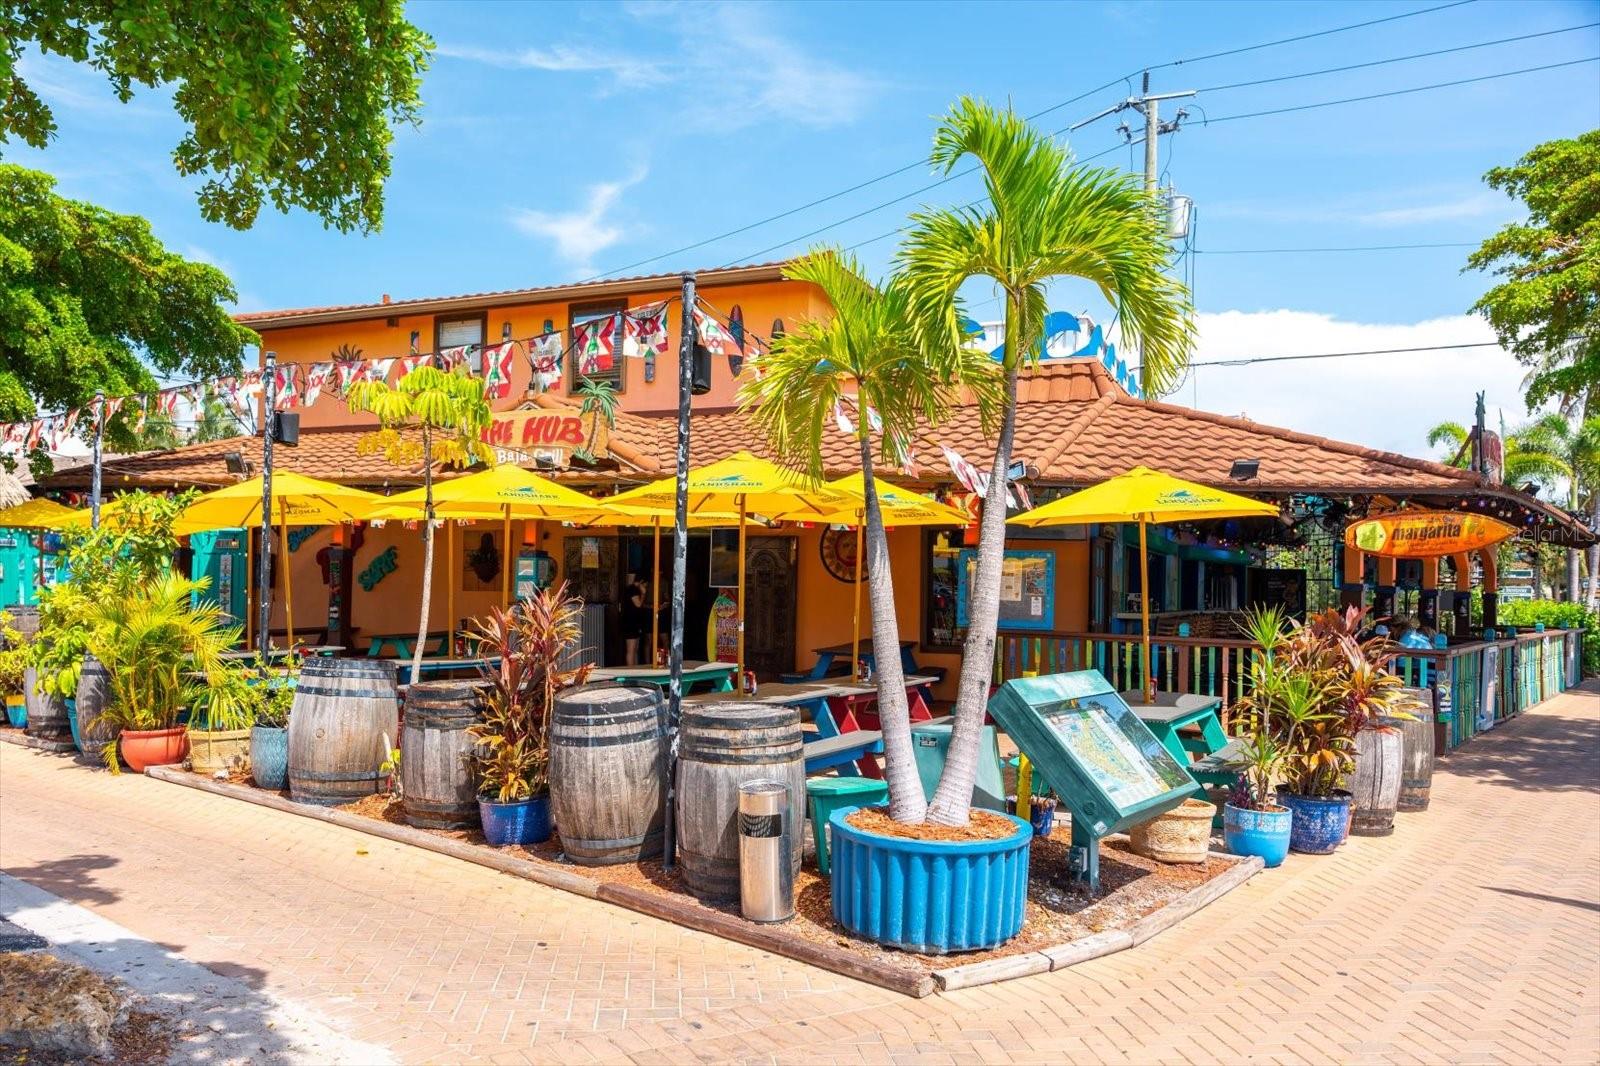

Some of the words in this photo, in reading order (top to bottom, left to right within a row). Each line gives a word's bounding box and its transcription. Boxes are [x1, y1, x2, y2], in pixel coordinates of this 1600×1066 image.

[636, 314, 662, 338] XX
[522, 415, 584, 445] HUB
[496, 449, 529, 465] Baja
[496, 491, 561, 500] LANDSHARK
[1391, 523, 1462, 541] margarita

● PROBLEM STATEMENT
What the reply must contain is an exact transcription of the data above and none of its pictures.

● OUTPUT FOR THIS EXERCISE
Some of the words in this photo, in reading order (top to bottom, left to right within a row). Each line gives a word's bounding box and its transcription. Boxes are [x1, y1, x2, y2], in pixel coordinates of this 1600×1066 image.

[636, 314, 662, 338] XX
[522, 415, 584, 445] HUB
[496, 449, 529, 465] Baja
[496, 491, 561, 500] LANDSHARK
[1391, 523, 1462, 541] margarita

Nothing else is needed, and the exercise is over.